John O’Donohue - Anam Cara: A Book of Celtic Wisdom

There are times when life so overwhelms us with grief, pain, fear, and loss that we don’t think we will survive. Some do not, and there is no room for judgement or criticism, only mercy and compassion. I have not inhabited their hearts, only my own, and the only reference I have is my own experience of being plunged into darkness, not knowing when even the faintest glimmer of light will appear.

In those dark nights, we are alone with our own hearts. No matter how much love and support we have surrounding us, no one can make our way for us as we wait for the light to appear. Others may walk with us, but they cannot walk for us. Others may help us bear our burden, but ultimately it is ours to carry. But the treasures of our darkness belong to us. Whatever we discover in the blackness of our night has the capacity to transform us in ways only possible when we have found our way to the dawn of our new day.

In the darkness, while we find ourselves alone, we would do well to remember that we bring with us all of our hard earned resources. Any strength, wisdom, faith, grace, and love that we have accumulated thus far will be our faithful companions, and will sustain us through the night.

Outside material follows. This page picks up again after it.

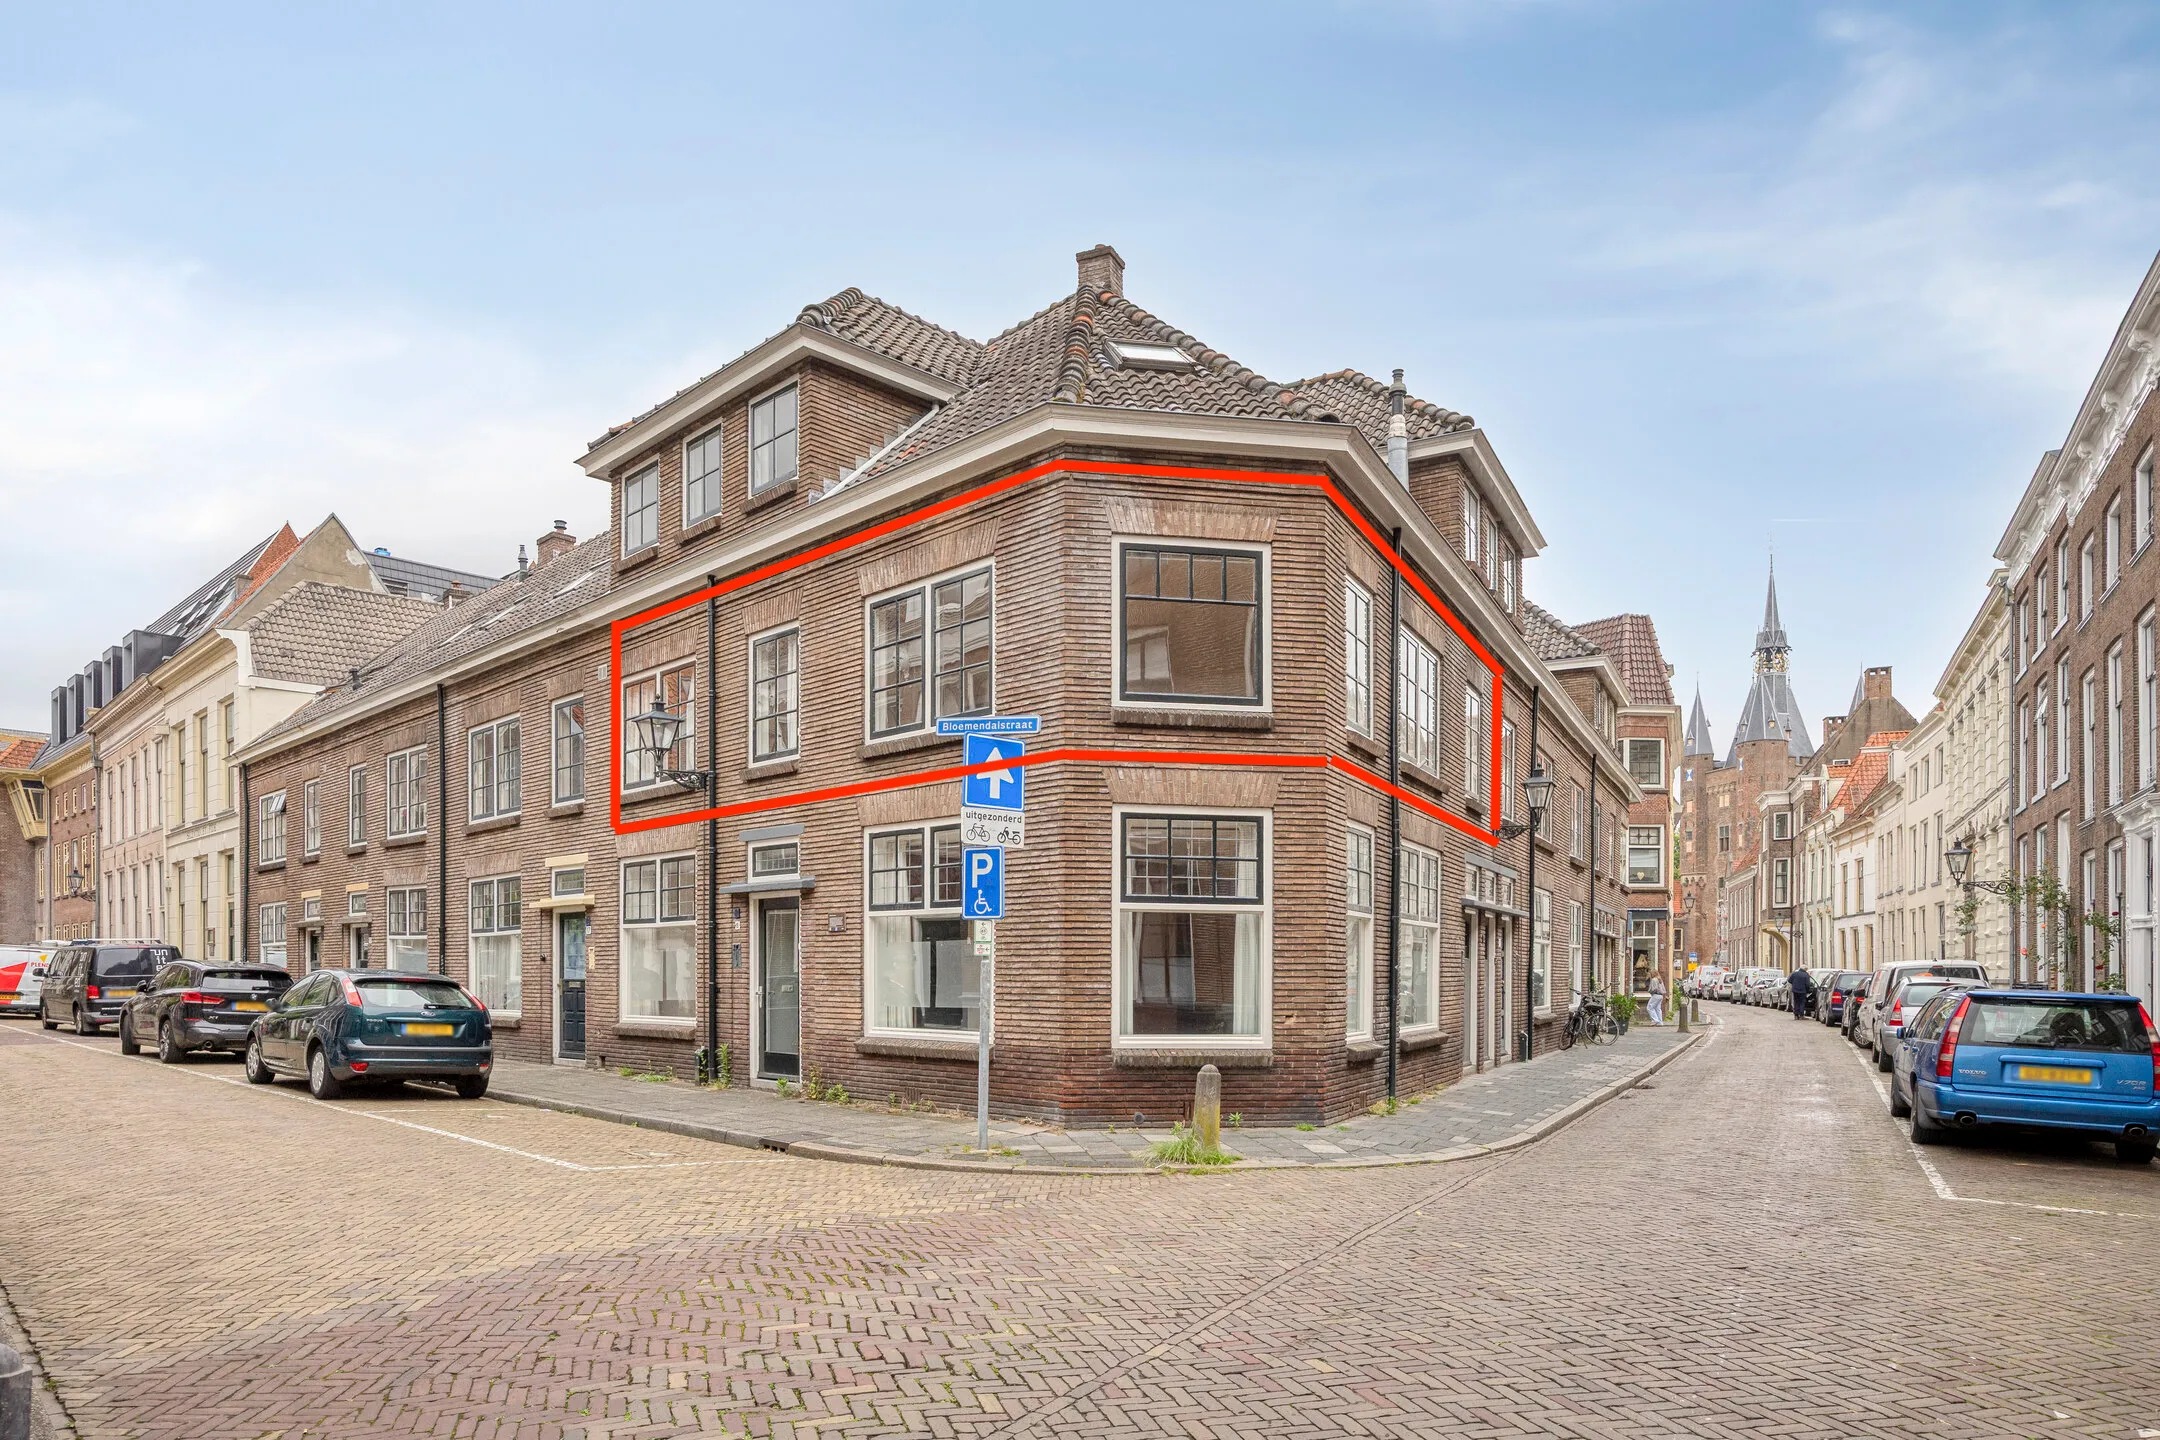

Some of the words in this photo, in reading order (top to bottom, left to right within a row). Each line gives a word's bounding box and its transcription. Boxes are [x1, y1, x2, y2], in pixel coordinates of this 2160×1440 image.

In her book, Learning To Walk in the Dark, Barbara Brown Taylor says, “…I have learned things in the dark that I could never have learned in the light, things that have saved my life over and over again, so that there is really on one logical conclusion. I need darkness as much as I need light.”

I’ve often wondered if the power that brought the world into being knew that we would need to find hope for a return of the light on a daily basis. That there is a deeper meaning behind the daily cloaking of the world in darkness, so that once again, we can be reminded of the illuminating light that is sure to follow.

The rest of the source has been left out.